As a young salesperson, I worked with a very difficult client who taught me a valuable lesson in negotiation. This particular client scheduled just one meeting with me and after that he pushed me off to his media coordinator. However, he still negotiated every order directly, and invariably we would go ‘round and ‘round in negotiations. I would put together a proposal, he would change it and ask for a discount. I would move some things around and then cut the price. He would still complain and ask for changes, and an additional discount. Under pressure to meet my targets, I needed the business. Perhaps he knew that. He kept pushing and I kept caving. He was not negotiating in good faith, saying that he needed one price, then when I got there, saying he needed it better. His demands usually included an offer to spend more money, but these order size increases never materialized to the levels he promised. All the while, my management wanted to know why I didn’t have the order and why the price kept coming down. I was on a constant merry-go-round and it was time to get off.
Unfortunately, I didn’t have anyone senior to me to go to for advice. Either they didn’t know what to do, didn’t care to understand, or had a habit of being overly critical which prevented me from sharing the reality of my situation. However, from an early age I began a habit of studying people. I learn their mode of operation and preferences. In this case, the guy liked to win, and pushed until I yelled uncle, always with a smile, but a classic bully-type nonetheless. So, I decided to turn the tables on this sadist. Instead of giving him exact what he wanted, I began to include features (programs and time periods) which he didn’t particularly like while simultaneously including some highly desirable programs in my initial offers. When he complained, I told him that the only way to reach his financial goals was to increase the quantity of lower cost programs in order to keep some of the the highly desirable ones.
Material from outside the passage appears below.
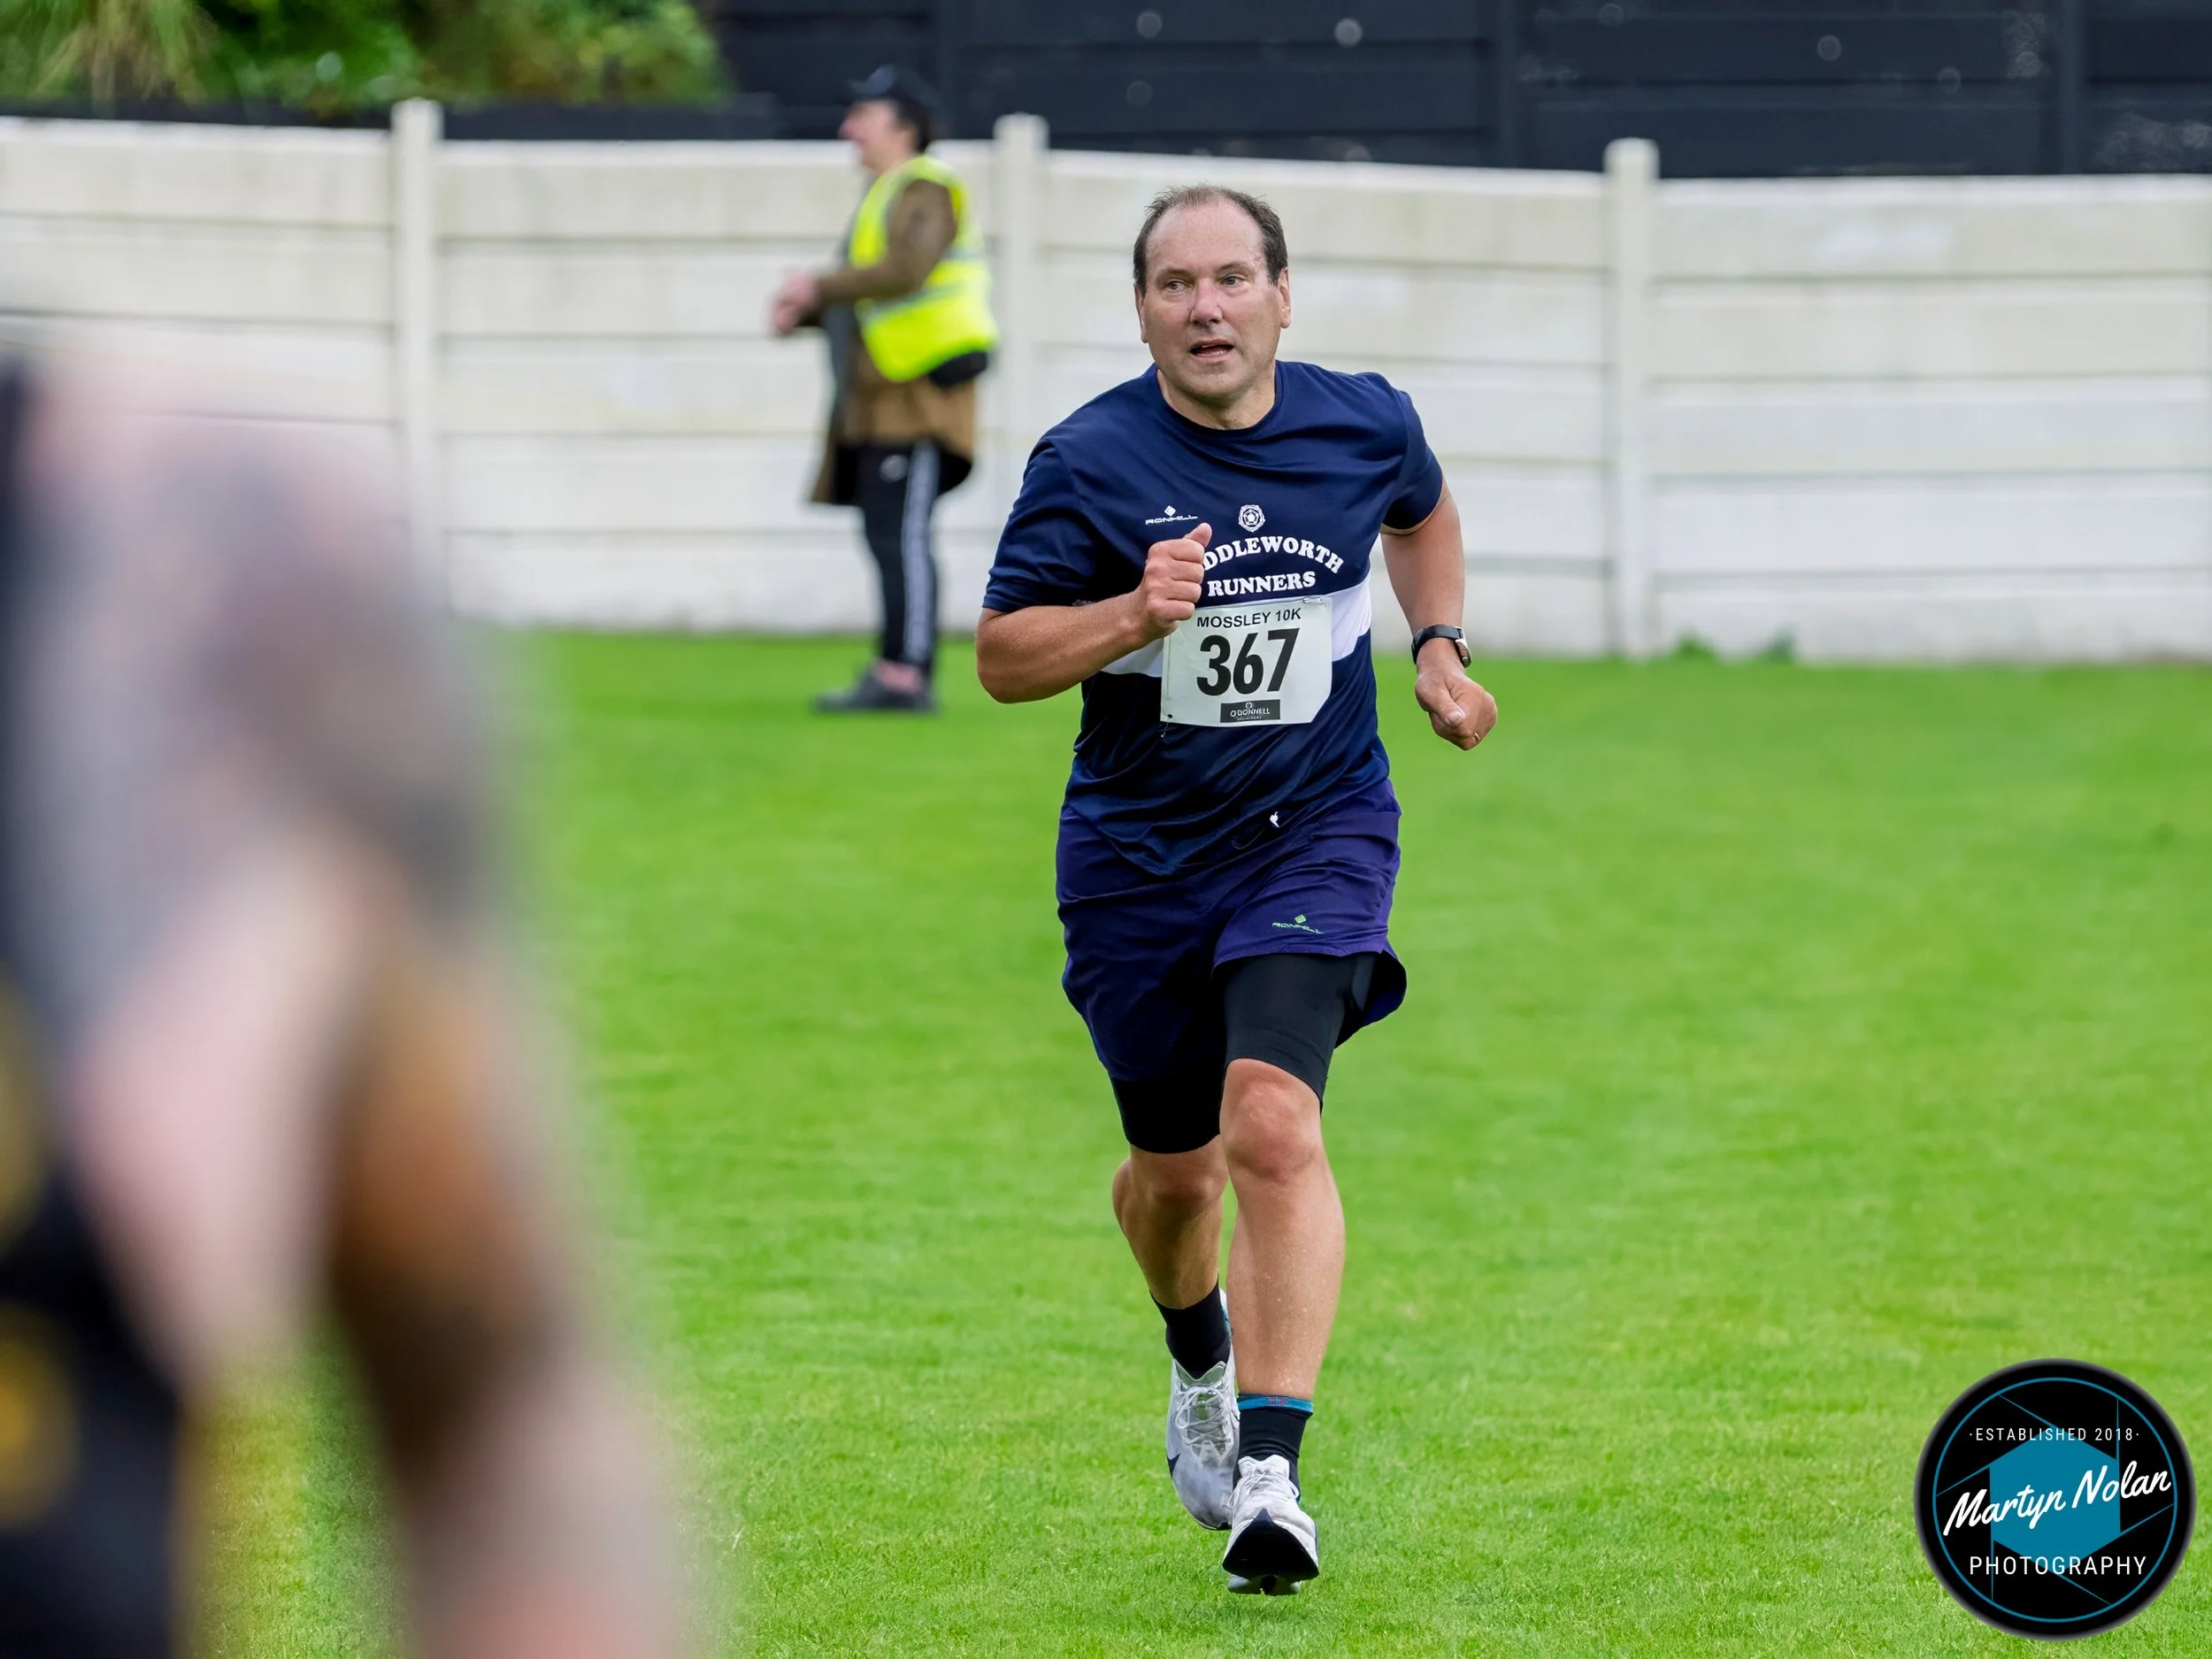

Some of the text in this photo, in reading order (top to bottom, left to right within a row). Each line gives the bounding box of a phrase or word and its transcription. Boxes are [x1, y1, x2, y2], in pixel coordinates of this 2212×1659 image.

[1204, 535, 1344, 573] DDLEWORTH
[1208, 571, 1317, 597] RUNNERS
[1197, 608, 1302, 628] MOSSLEY 10K
[1196, 627, 1300, 696] 367
When he pushed back, I made a few minor changes, but I now had a goal. My goal was to increase his average cost by at least 5% over the last quarter or compared to the same quarter a year earlier. If I did that, he would slowly move from a bottom feeder to a desirable account. I also decided I would only cut my price as part of a volume increase. If he wanted a lower average price after that, he would have to take lower cost programs. What happened? The first time I tried this, we still went two rounds (initial proposal and two revisions), and when he asked for additional changes, I told him I couldn’t make any more, that this was the best offer I could give him. The only way he could get a lower average price was to accept additional lower cost programming. After that, we went one round the remainder of the time I worked with this director. In addition, the size of the orders rose every quarter. Why? I can’t say for sure as he played it all so close to the vest, but I think one of two things was going on; a) he increased his spend as his respect for me went up (which I’d like to think is the case), or more likely, b) as my average price went up, he actually had to spend more with me in order to keep his overall media buy price low. My deeply discounted price was helping his overall cable mix, but as my price went up, he had to actually spend more with me in order to keep his average price low. It worked in my favor for the next three years that I worked with this client.
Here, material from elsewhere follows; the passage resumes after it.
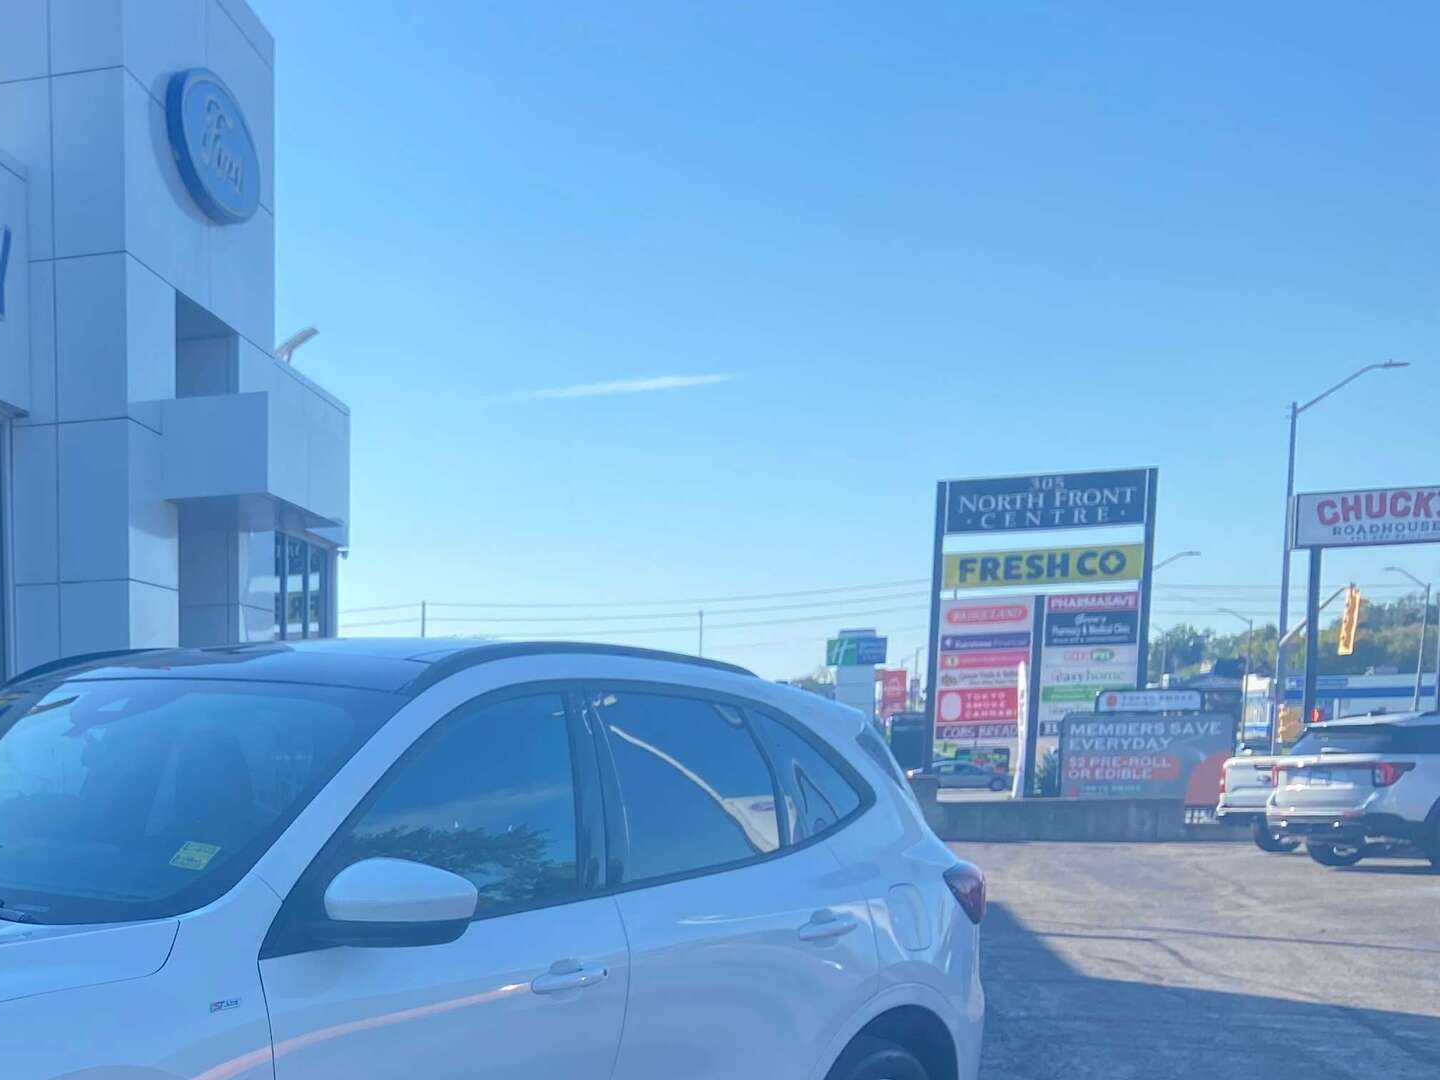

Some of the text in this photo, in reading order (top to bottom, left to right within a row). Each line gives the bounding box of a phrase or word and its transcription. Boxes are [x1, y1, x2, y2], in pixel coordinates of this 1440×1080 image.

Now your ability to adjust pricing by changing the content of the product offering might not quite so easily match my experience. However, I have seen the same happen when discussing various product features. I even saw this when I was shoe shopping recently. If I didn’t like the price of the highest quality footwear, the salesperson suggested I could reduce my price by selecting a model with less features. When you know your customer, you can begin to identify what is important to them and what is not. One customer might pay for windows with UV protection while another wants triple panes, and another likes the internal blinds. Offering a customer a few items or features in their initial proposal that you know aren’t quite desirable to them will provide you a way to take off features and reduce cost without appearing you are just cutting your price.
I think there are a number of important points you should be able to gain from my experience:
- Know your product. You’ve heard it before and its worth saying again and again. The better you understand the features and benefits of your product offering and how to differentiate and communicate the value it brings to customers, the better able you will be to associate those features to specific elements of your price. That can be critically important when negotiating with your customer.
- Understand the customer’s preferences. To understand our customers’ preferences and priorities, we must become students of our customers, colleagues, and supervisors. When we learn to read other people and respond to them in the way they prefer, we gain a huge amount of leverage (and often goodwill).
- Acknowledge what is outside our control. We need to recognize that there are many variables outside of our control, (and the sales process is no different), and we don’t always know the pressure our customers are under. We can gain a considerable amount of confidence when we stop worrying about those things outside of our control and instead focus on what we can change – our attitude and our responses.
- Have a plan. Saying no to customer demands requires confidence in your position, but for me, to say no without having a plan would have been an empty threat which I might have abandoned under pressure. Having a plan allowed me to confidently say no to this customer’s demands while still responding in a way that moved us closer.